NWTSJ Reflection

by Erin Herda

Our Work is Movement Building

Saturday morning, a day for sleeping in, a day many of us dedicate as a non work day, yet hundreds of educators made there way to Chief Sealth High School to engage in a day of workshops to develop and reinforce their skills as transformative and disruptive educators. Teaching for social justice can be lonely work, so days like the Northwest Teaching for Social Justice (NWTSJ) conference are essential to keeping the work alive. Creating that critical community of support that is sometimes, or often, lacking at our schools. Every time I attend I am reminded why I keep fighting for ethnic studies and systemic change through policies, curriculum in my district, and most importantly that I am not alone. We are not alone. There are educators and preservice teachers who are dedicated to eradicating white supremacy from our educational systems. 

Build a Better World

The morning started off with the keynote, Barbara Madeloni, reminding us that our work is movement building to disrupt racism and white supremacy in our schools and community. It is through  collective leadership that takes on the structures of power that we will start to see change. This message came just at the right moment for those of us who have started to feel beat down by the inaction around us in our building and our school districts.

Ethnic Studies Now

Enter Washington State Ethnic Studies Now. The collective efforts of students, educators, and organizations dedicated to seeing Ethnic Studies (ES) as a pedagogical shift in K-12 education across the state and nation. This year attendees of the Northwest Teaching For Social Justice Conference had the opportunity to spend the whole day immersed in ethnic studies from a 101 workshop designed to introduce educators to what ethnic studies really is and the conceptual framework they use to decolonize the classroom and curriculum. A second session dedicated to working with educators who use the ES framework and students explaining the pedagogical shift necessary to truly implement ES. And in the last session we were invited to hear a panel of educators: Tracy Castro-Gill, Jeff Stone, Jesse Hagopian and Lisa Rice, moderated by Wayne Au, about their own experiences with ES from implementation to self care.

Here are some of my takeaways from this session.

Educators role in pushing for ES pedagogical shifts to implement ES.

  • Ethnic Studies is a pedagogical shift, not just curriculum. You have to be willing to unlearn being an expert and hand over some of the control to the students. Exploring the pedagogical shift before content.
  • It centers the whole child first. Understanding each student and the difference between them.
  • Bring the student voice into the classroom, check in. Peace circles.
  • Disrupting the things that have been taught that reinforce the power structures.
  • White educators must explore their own whiteness.

How do you find resources?

  • The News, use the principles of Black Lives Matter to guide curriculum. Project based, TALK TO PEOPLE and READ! (emphasis added)
  • Seattle Framework, Collaborating with other teachers. Own experience with activism. Hip hop artists to disrupt the master narrative.
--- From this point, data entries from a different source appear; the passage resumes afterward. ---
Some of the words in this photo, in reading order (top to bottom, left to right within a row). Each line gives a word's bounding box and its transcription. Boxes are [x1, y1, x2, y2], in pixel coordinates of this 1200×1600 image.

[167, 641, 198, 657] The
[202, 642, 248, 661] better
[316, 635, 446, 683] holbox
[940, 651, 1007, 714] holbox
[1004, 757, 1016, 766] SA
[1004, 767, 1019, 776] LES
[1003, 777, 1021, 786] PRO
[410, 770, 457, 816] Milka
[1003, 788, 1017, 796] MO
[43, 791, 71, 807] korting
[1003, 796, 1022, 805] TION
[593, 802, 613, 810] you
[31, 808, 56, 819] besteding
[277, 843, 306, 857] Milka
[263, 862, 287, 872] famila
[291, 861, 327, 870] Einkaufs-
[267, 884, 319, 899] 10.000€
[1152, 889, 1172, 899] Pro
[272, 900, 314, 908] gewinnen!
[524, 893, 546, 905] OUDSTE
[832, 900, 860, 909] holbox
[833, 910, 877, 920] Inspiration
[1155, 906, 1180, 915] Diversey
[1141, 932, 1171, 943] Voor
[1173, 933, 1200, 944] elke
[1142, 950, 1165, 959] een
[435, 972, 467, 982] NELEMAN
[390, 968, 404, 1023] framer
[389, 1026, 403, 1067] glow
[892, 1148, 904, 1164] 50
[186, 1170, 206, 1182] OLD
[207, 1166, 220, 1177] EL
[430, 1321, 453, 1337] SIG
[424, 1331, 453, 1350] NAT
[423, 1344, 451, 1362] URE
Draw on the community.
  • Anything can be turned into Ethnic Studies curriculum

How do you protect  BIPOC while creating critical growth for white students?
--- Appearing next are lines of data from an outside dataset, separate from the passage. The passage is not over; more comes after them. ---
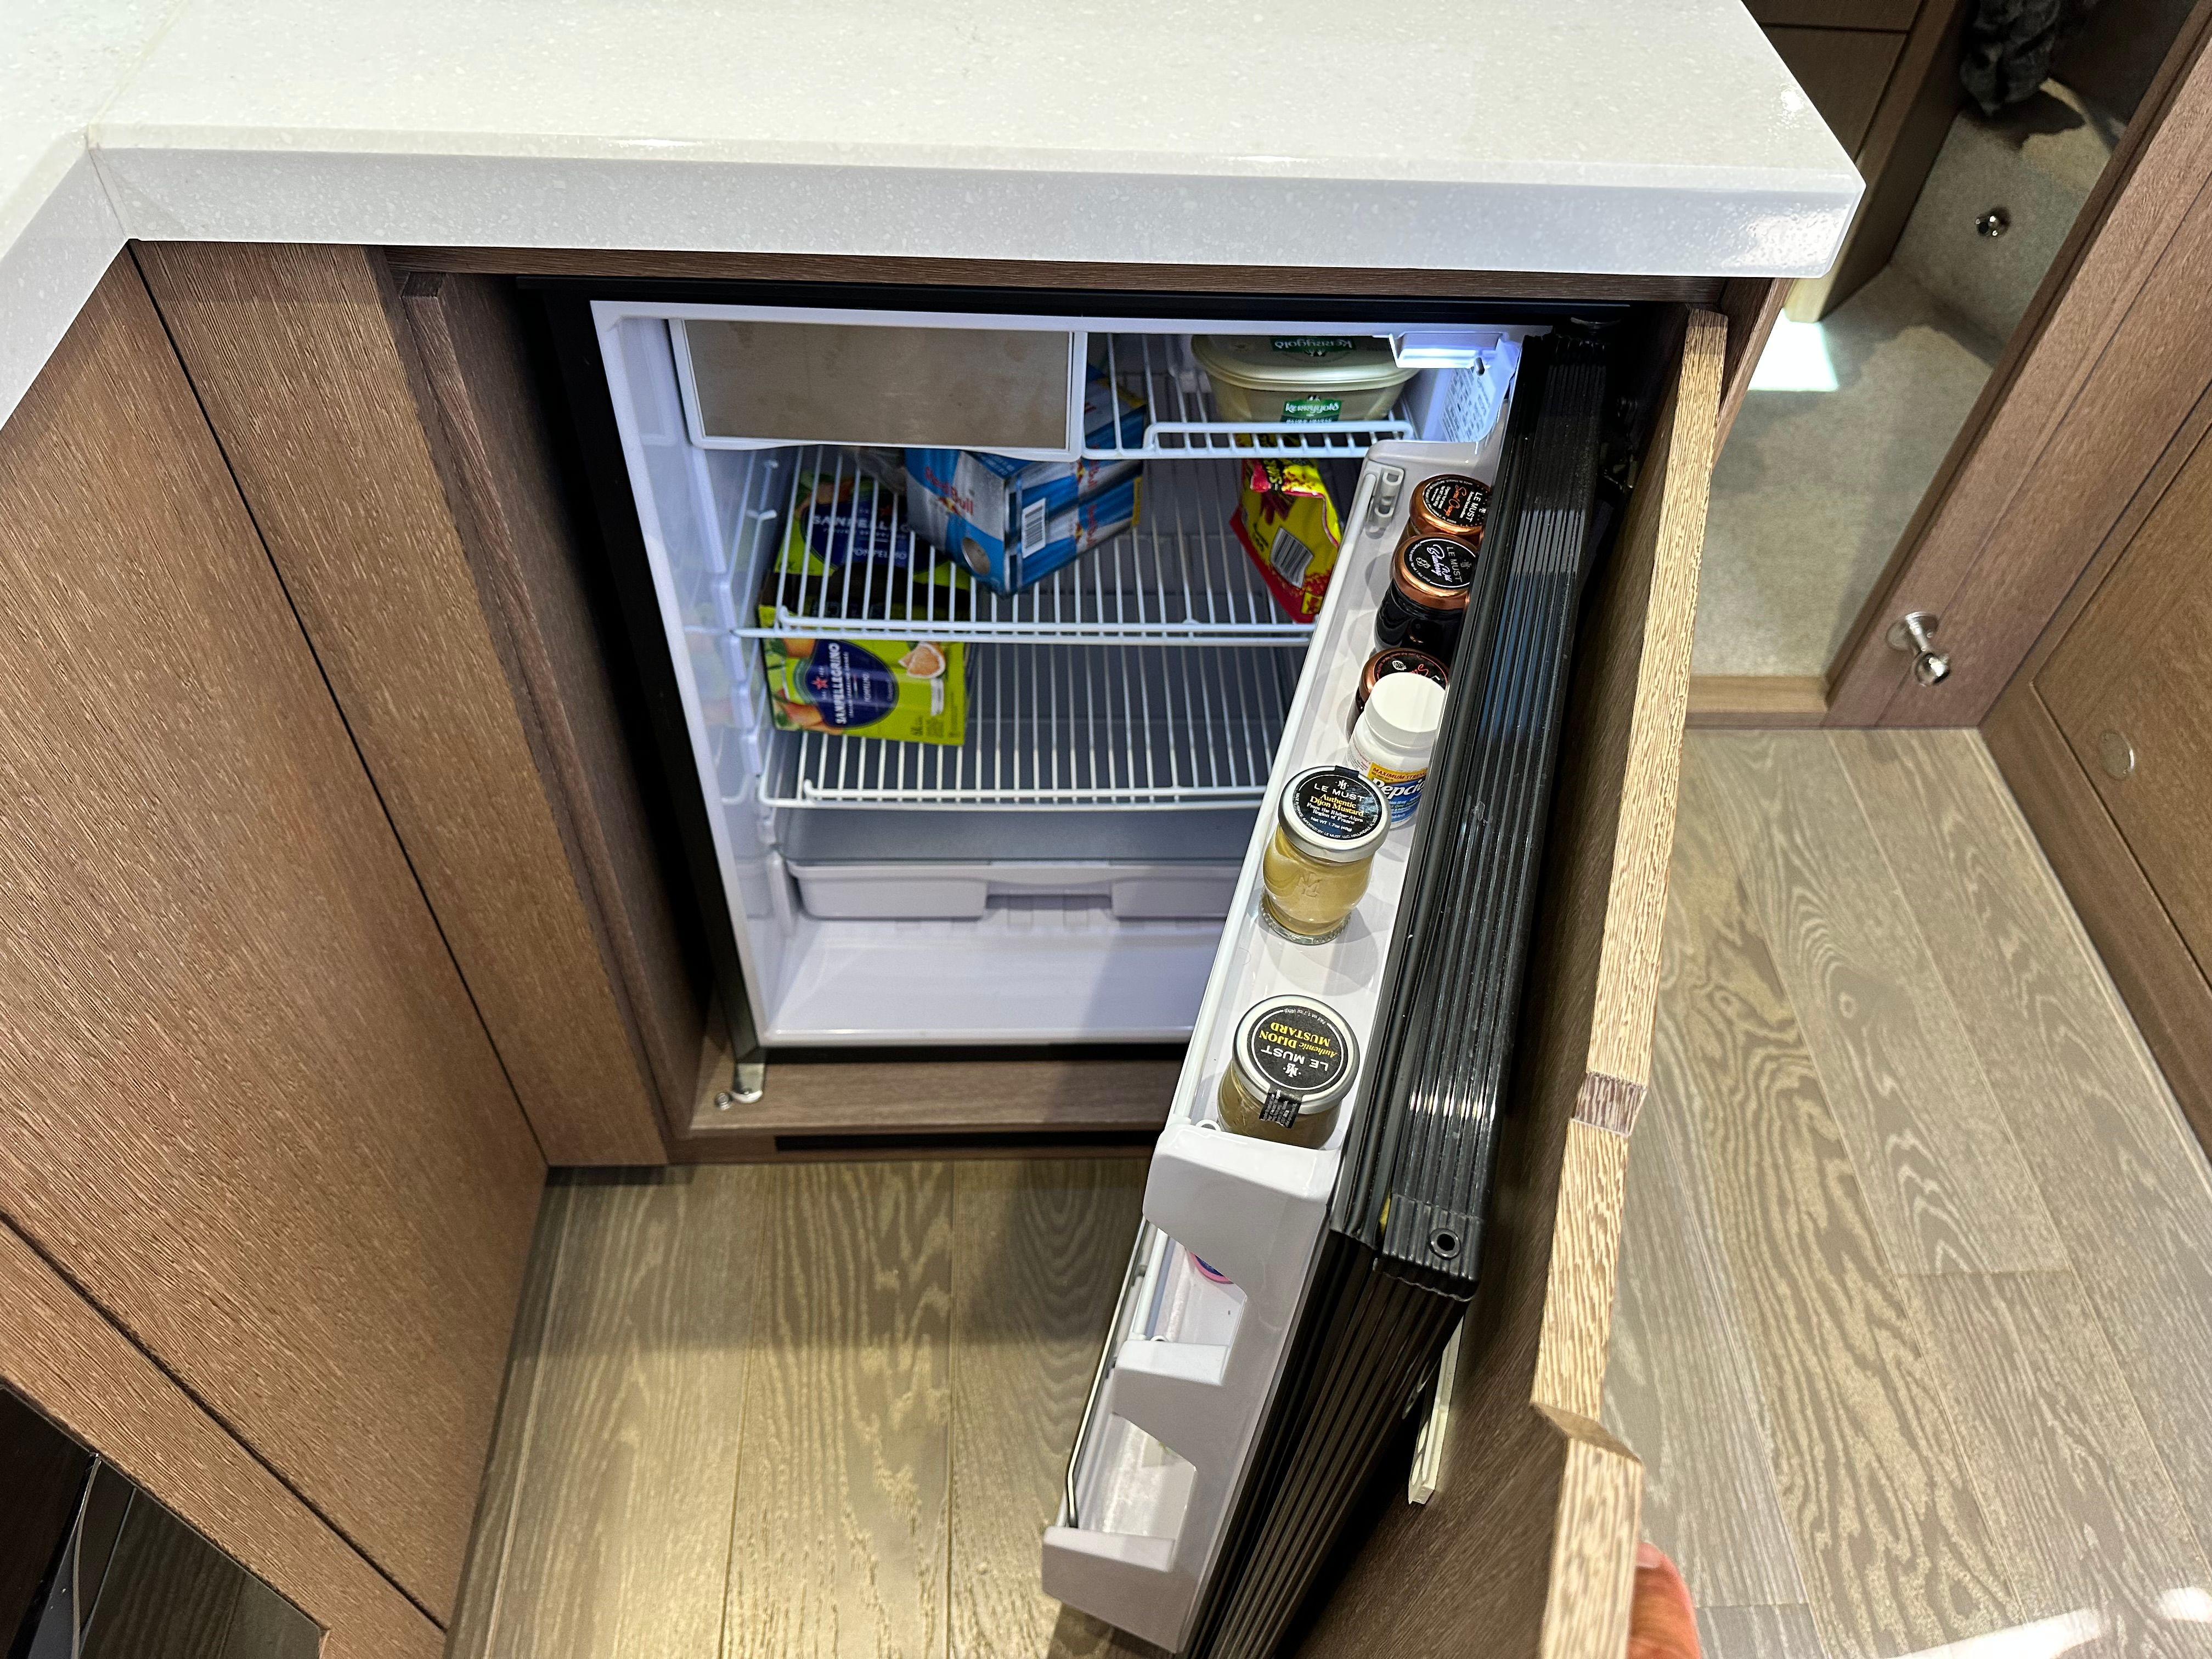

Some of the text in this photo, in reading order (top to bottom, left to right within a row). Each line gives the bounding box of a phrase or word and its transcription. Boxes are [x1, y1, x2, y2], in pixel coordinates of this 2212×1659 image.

[1285, 402, 1340, 414] Kerrygold
[1473, 492, 1483, 502] LE
[1465, 502, 1479, 523] MUST
[1447, 546, 1463, 583] LE MUST
[828, 642, 847, 724] SANPELLEGRINO
[1372, 768, 1405, 780] MAXIMUM
[1314, 783, 1364, 802] LE MUST
[1320, 794, 1357, 809] Authentic
[1307, 802, 1320, 811] From
[1310, 796, 1364, 817] Dijon Mustard
[1312, 810, 1330, 819] Region
[1337, 816, 1355, 825] France
[1259, 1030, 1338, 1059] Authentic DIJON
[1270, 1022, 1331, 1047] MUSTARD
[1261, 1045, 1329, 1071] LE MUST
  • You must be your authentic self if you want the students to be theirs.
  • Talk across differences, talk to students ahead of time to lessen impact, its messy work dig in and repair. 
  • Don’t run away from discomfort.
  • Teach that whiteness is a racialized existence, example from Bacon’s Rebellion. 
  • Teaching intersectional identities and have students explore them through projects and poems.
  • Students need to analyze their own identity.

How to build networks of communities of care? THIS WORK IS HARD

  • You have to decolonize your brain.
  • Work with and collaborate in the community.
  • Get over the idea of leaders.
  • No meaningful change happens individually. Join together.
  • Build your community by calling the meeting…and keep calling the meeting.

Moving forward

I still struggle with how to keep that buzz of the work alive when I enter my building and hear staff mock restorative practices, or that a coworker said that a teacher was in the wrong for teaching LGBTQ+ history, or that talking about race and racism is divisive to the staff. Does it really matter that there is a tiny island of us teaching with the ethnic studies framework and challenging the power structure if everyone else is reinforcing white supremacy through their curriculum and actions? Yes it does, It matters because it is clear that we are not just “first year teachers who want to save the world” (said to me by an administrator in the beginning of my career) rather we are professional educators who continue to grow into our critical pedagogy and disrupt systems that hurt our students and communities.

Ethnic Studies is not just a curriculum it is a vision of the future we need for a just and equitable society, it is what we owe our students in a system that harms them and their families daily. It is the only path for education I can see.